Goal of the exercise
In the copy you make of the entries, no picture should appear, and every word must match.

Data under study
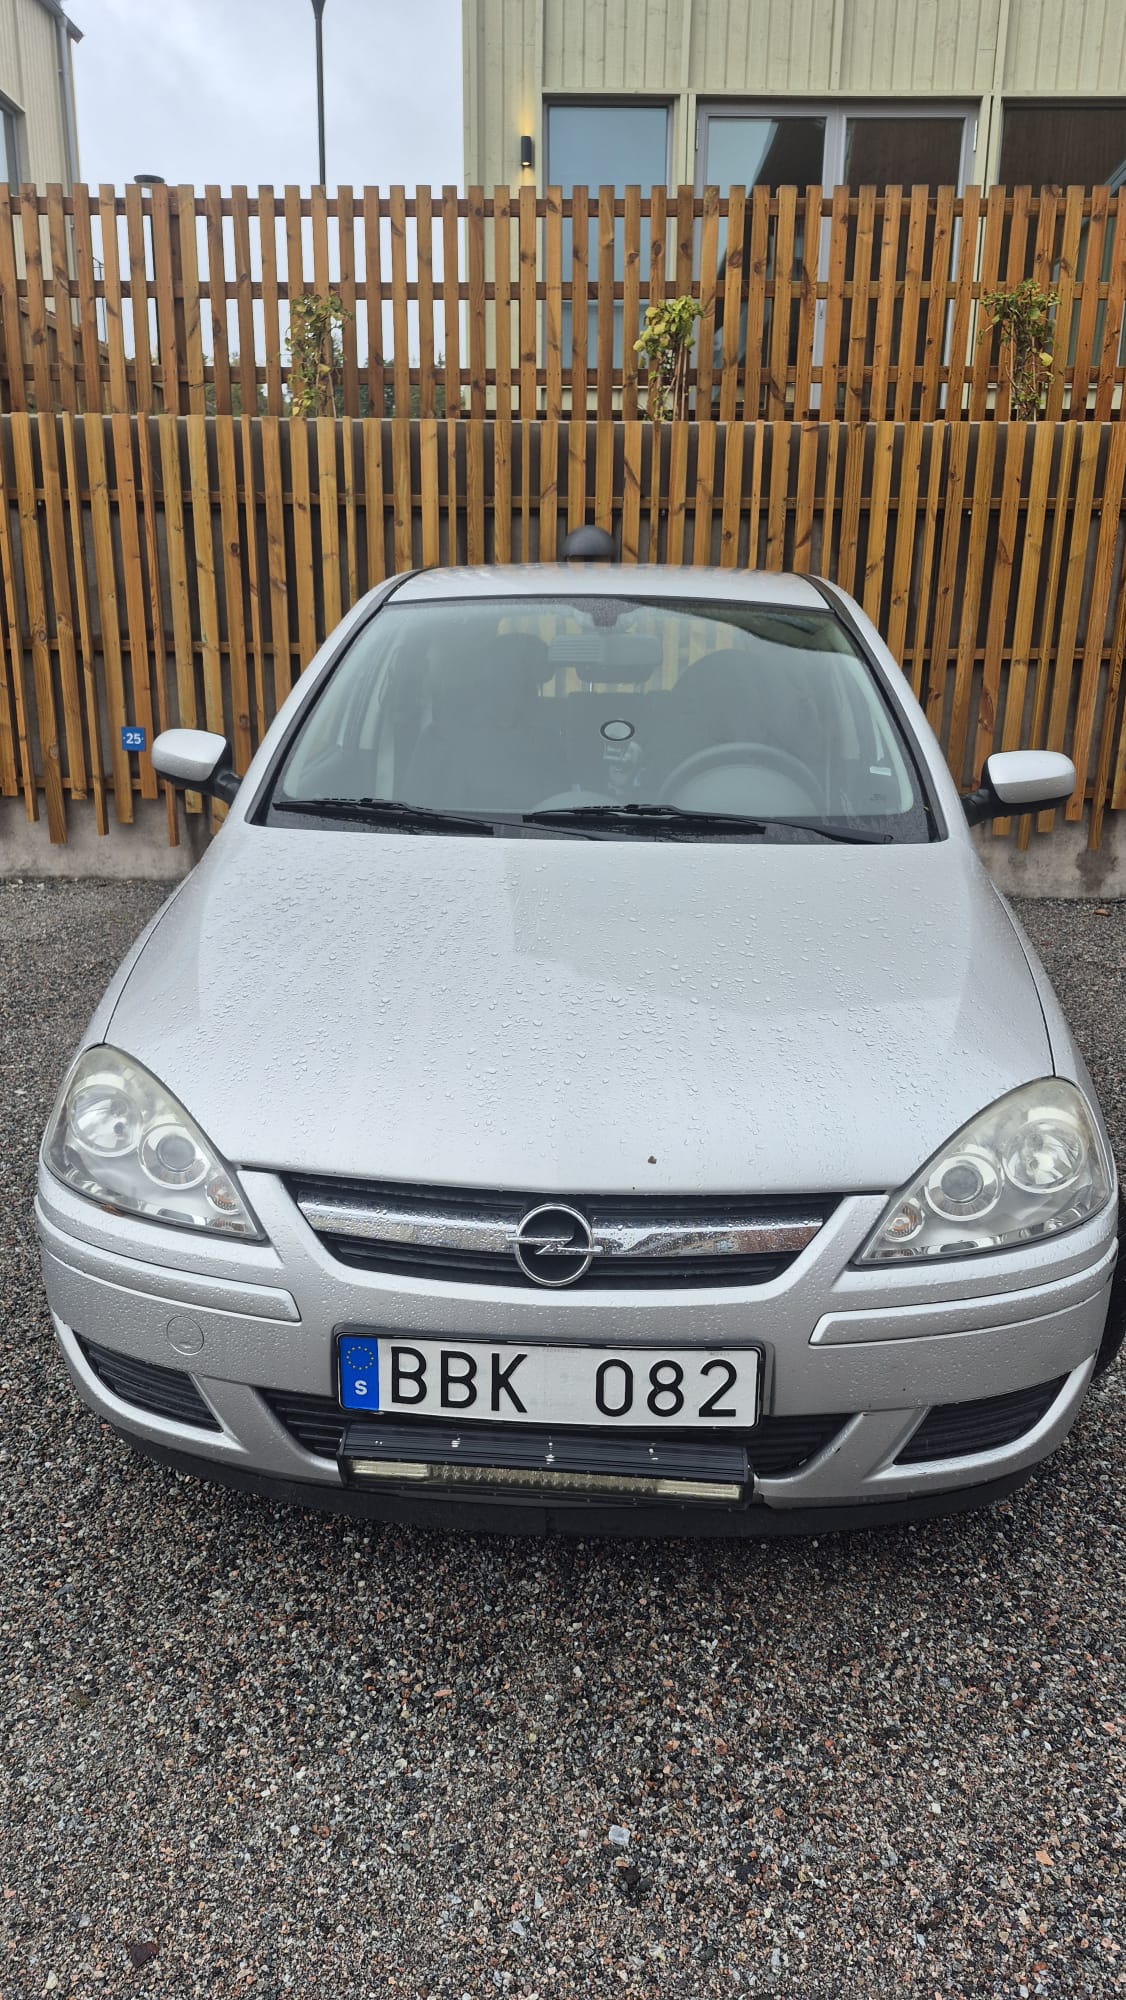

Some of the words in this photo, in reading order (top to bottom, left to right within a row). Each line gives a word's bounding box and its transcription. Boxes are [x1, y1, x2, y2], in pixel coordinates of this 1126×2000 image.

[126, 732, 142, 745] 25
[354, 1379, 368, 1396] S
[390, 1345, 528, 1414] BBK
[595, 1358, 737, 1418] 082
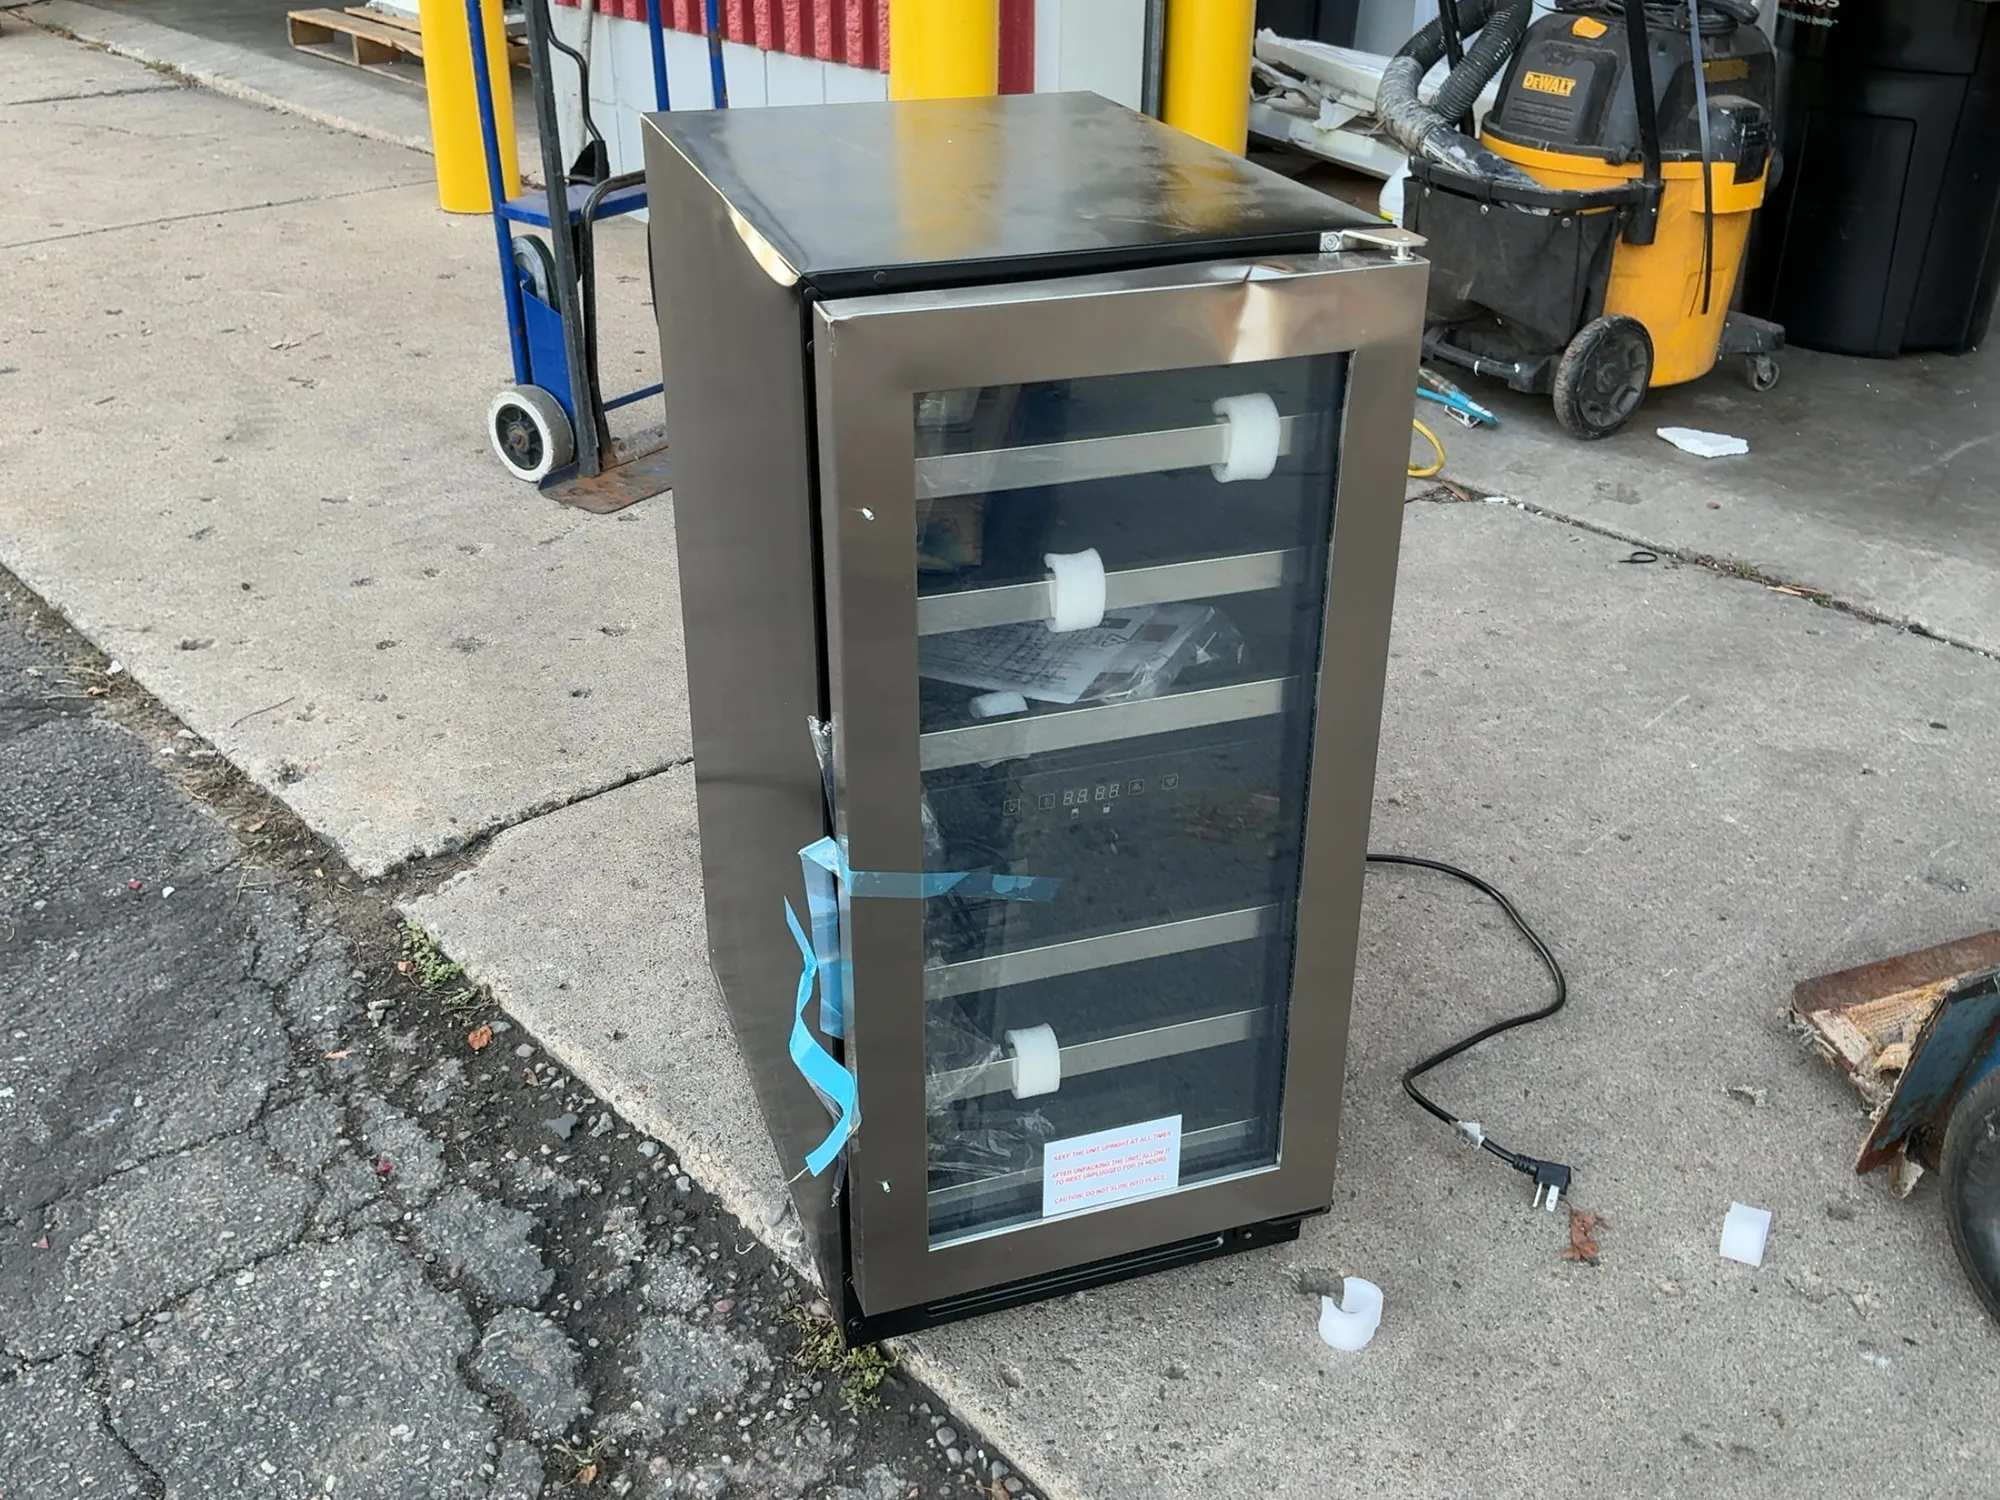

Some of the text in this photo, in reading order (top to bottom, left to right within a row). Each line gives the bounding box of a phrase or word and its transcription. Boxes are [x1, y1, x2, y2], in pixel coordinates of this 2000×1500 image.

[1054, 1152, 1071, 1161] KEEP
[1086, 1146, 1101, 1154] UNIT
[1101, 1140, 1129, 1151] UPRIGHT
[1153, 1131, 1172, 1140] TIMES
[1052, 1169, 1073, 1178] AFTER
[1073, 1161, 1111, 1174] UNPACKING
[1111, 1158, 1123, 1166] THE
[1142, 1149, 1165, 1159] ALLOW
[1055, 1156, 1167, 1186] TO REST UNPLUGGED FOR 24 HOURS
[1096, 1186, 1110, 1195] NOT
[1110, 1182, 1129, 1191] SLIDE
[1129, 1178, 1144, 1187] INTO
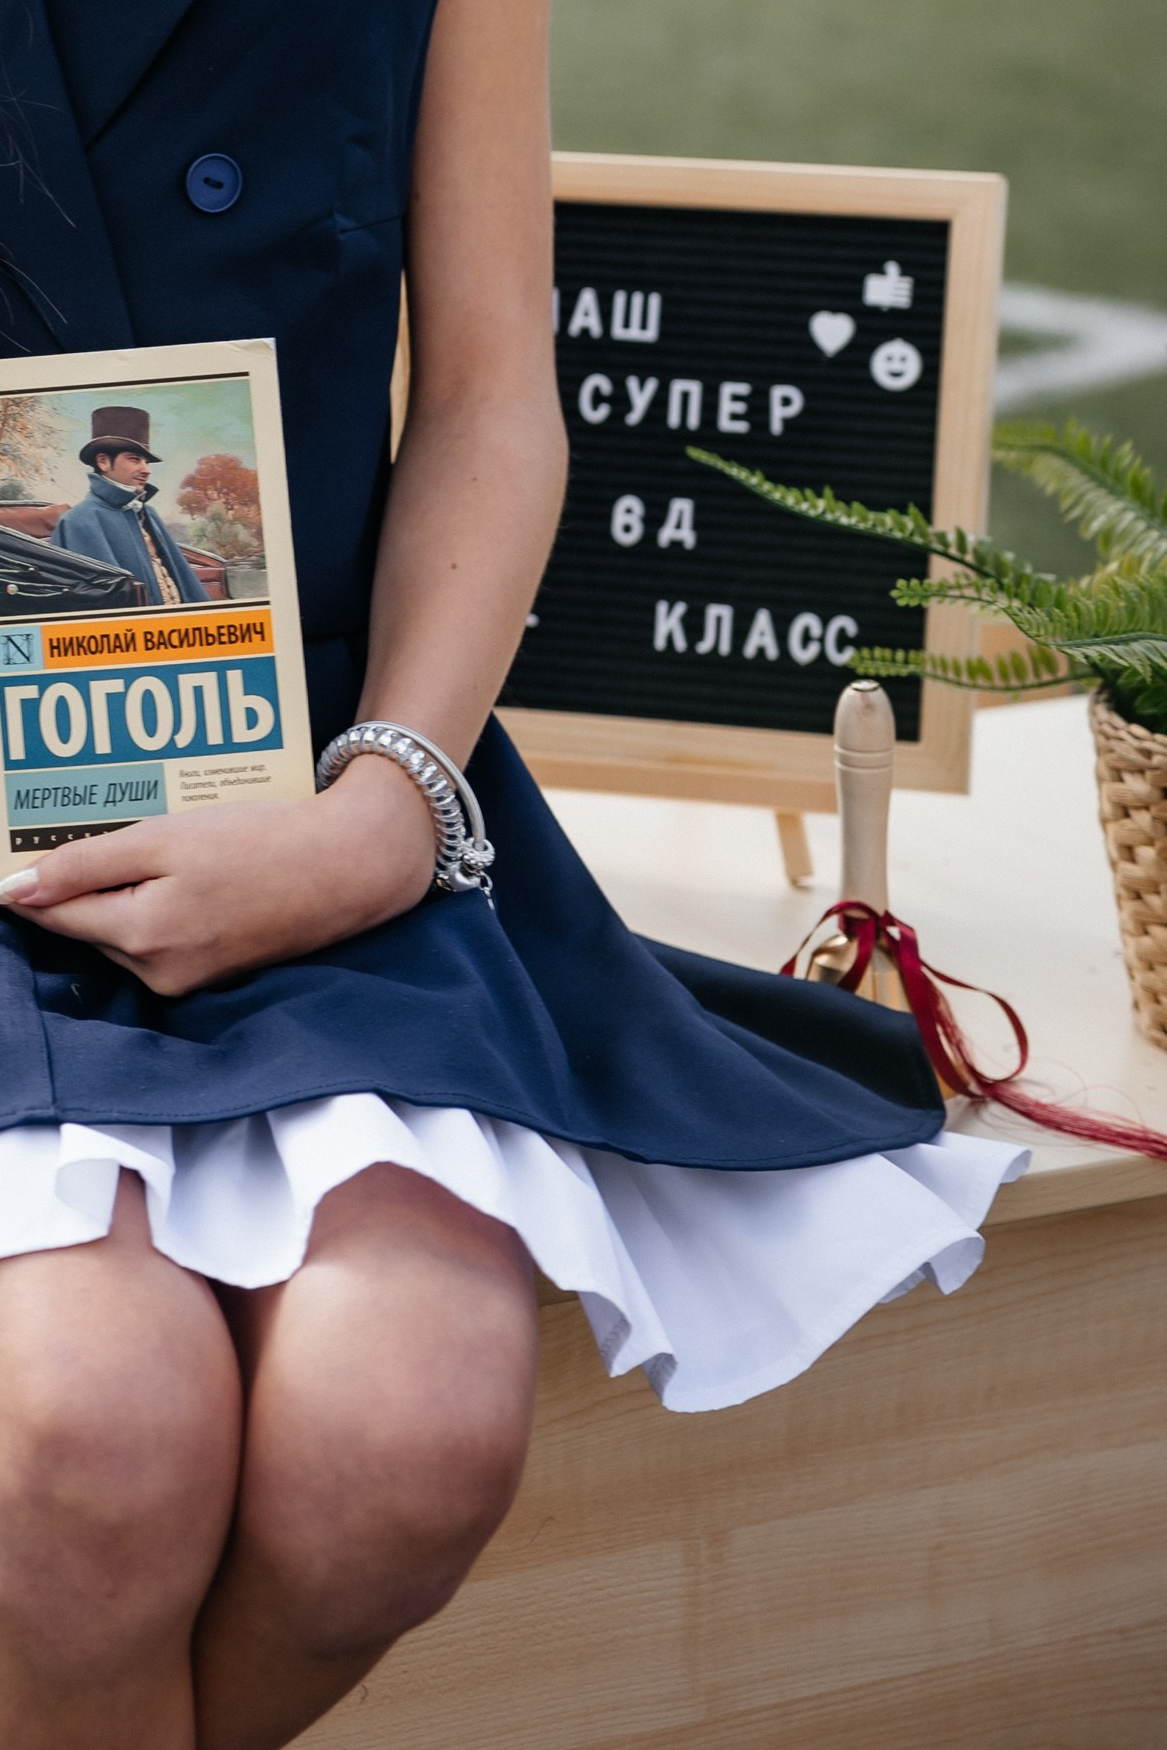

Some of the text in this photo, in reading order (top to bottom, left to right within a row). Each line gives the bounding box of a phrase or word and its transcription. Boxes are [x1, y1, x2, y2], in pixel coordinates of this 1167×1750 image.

[552, 286, 662, 343] АШ
[577, 373, 805, 436] СУПЕР
[49, 622, 266, 658] НИКОЛАЙ ВАСИЛЬЕВИЧ
[653, 599, 859, 667] КЛАСС
[3, 669, 276, 761] ГОГОЛЬ
[13, 780, 159, 810] МЕРТВЫЕ ДУШИ
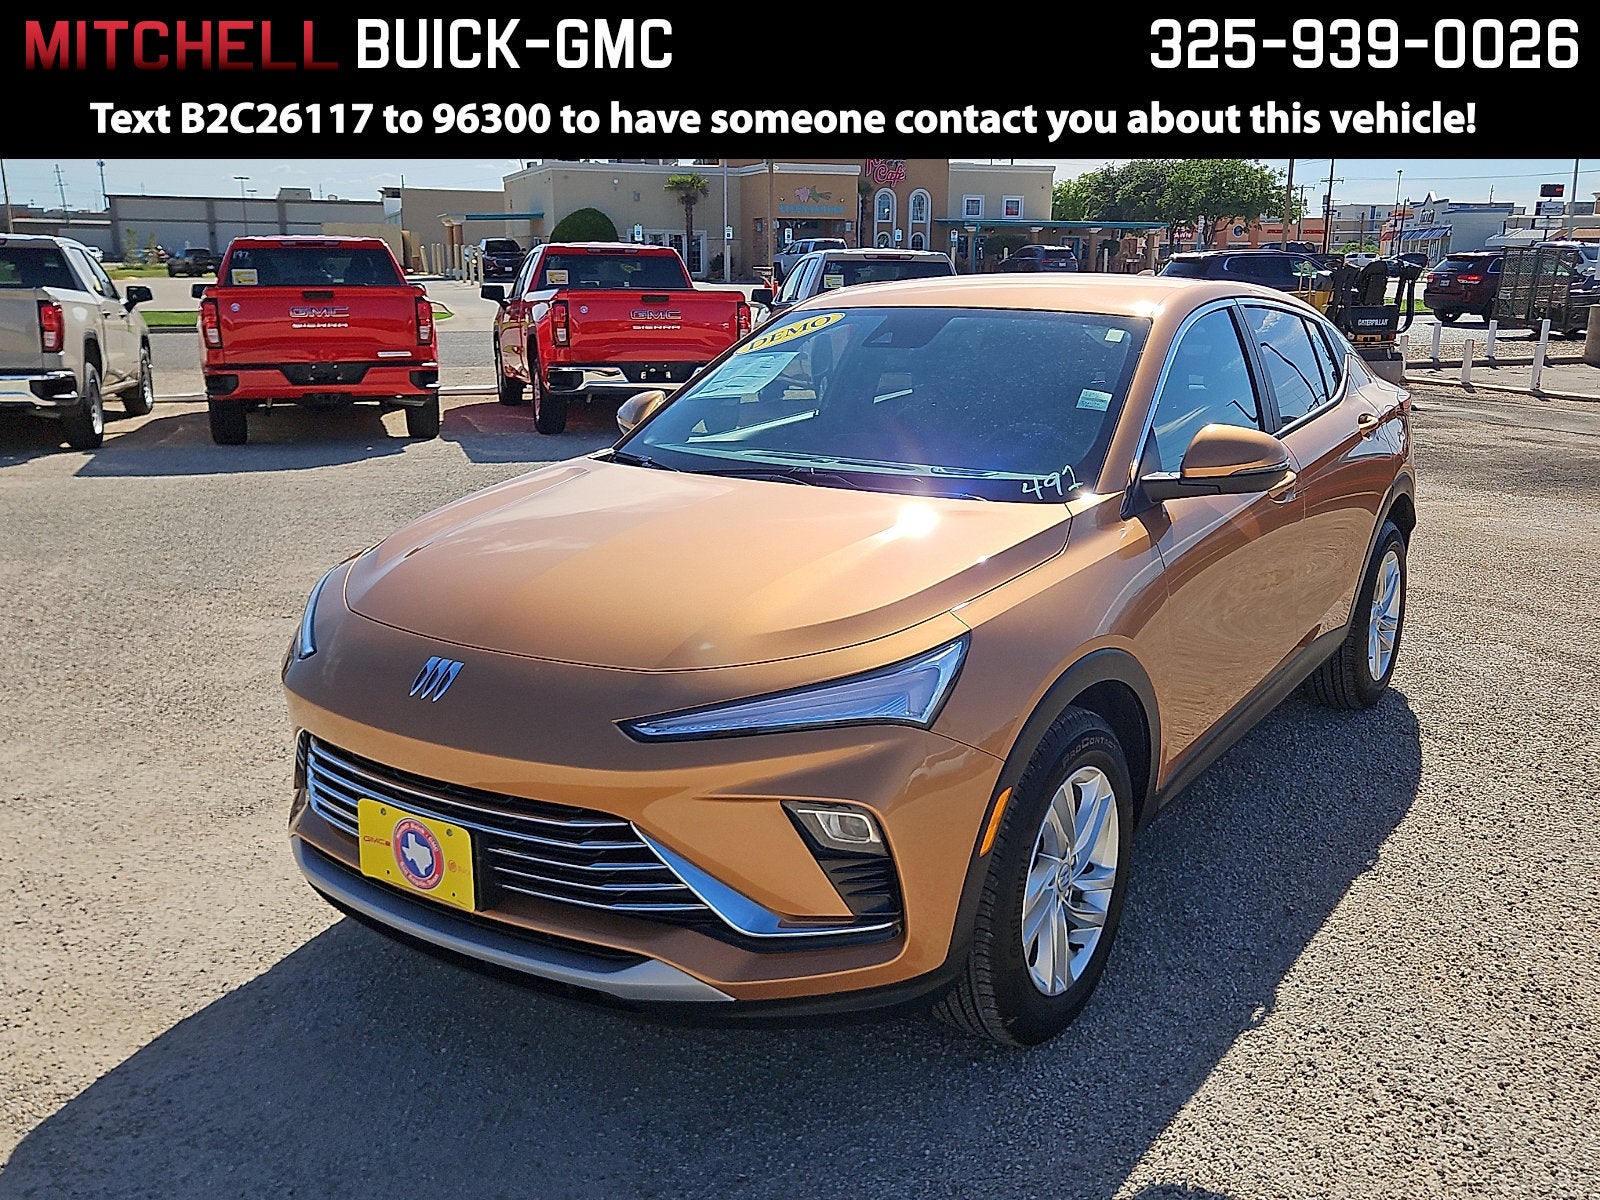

Response to this task
Some of the words in this photo, in reading order (top to bottom, left to right within a row). Each line gives a word's bounding box and its transcription. Boxes are [x1, y1, x2, y2], in pixel coordinates of this 1126×2000 image.

[126, 732, 142, 745] 25
[354, 1379, 368, 1396] S
[390, 1345, 528, 1414] BBK
[595, 1358, 737, 1418] 082

Some of the text in this photo, in reading order (top to bottom, left to right within a row). Each line gives the bounding box of a phrase or word and its transcription. Boxes are [x1, y1, x2, y2], in pixel coordinates of this 2000×1500 image.

[1054, 1152, 1071, 1161] KEEP
[1086, 1146, 1101, 1154] UNIT
[1101, 1140, 1129, 1151] UPRIGHT
[1153, 1131, 1172, 1140] TIMES
[1052, 1169, 1073, 1178] AFTER
[1073, 1161, 1111, 1174] UNPACKING
[1111, 1158, 1123, 1166] THE
[1142, 1149, 1165, 1159] ALLOW
[1055, 1156, 1167, 1186] TO REST UNPLUGGED FOR 24 HOURS
[1096, 1186, 1110, 1195] NOT
[1110, 1182, 1129, 1191] SLIDE
[1129, 1178, 1144, 1187] INTO

Some of the text in this photo, in reading order (top to bottom, left to right within a row). Each line gives the bounding box of a phrase or word and its transcription. Boxes are [x1, y1, x2, y2], in pixel coordinates of this 1167×1750 image.

[552, 286, 662, 343] АШ
[577, 373, 805, 436] СУПЕР
[49, 622, 266, 658] НИКОЛАЙ ВАСИЛЬЕВИЧ
[653, 599, 859, 667] КЛАСС
[3, 669, 276, 761] ГОГОЛЬ
[13, 780, 159, 810] МЕРТВЫЕ ДУШИ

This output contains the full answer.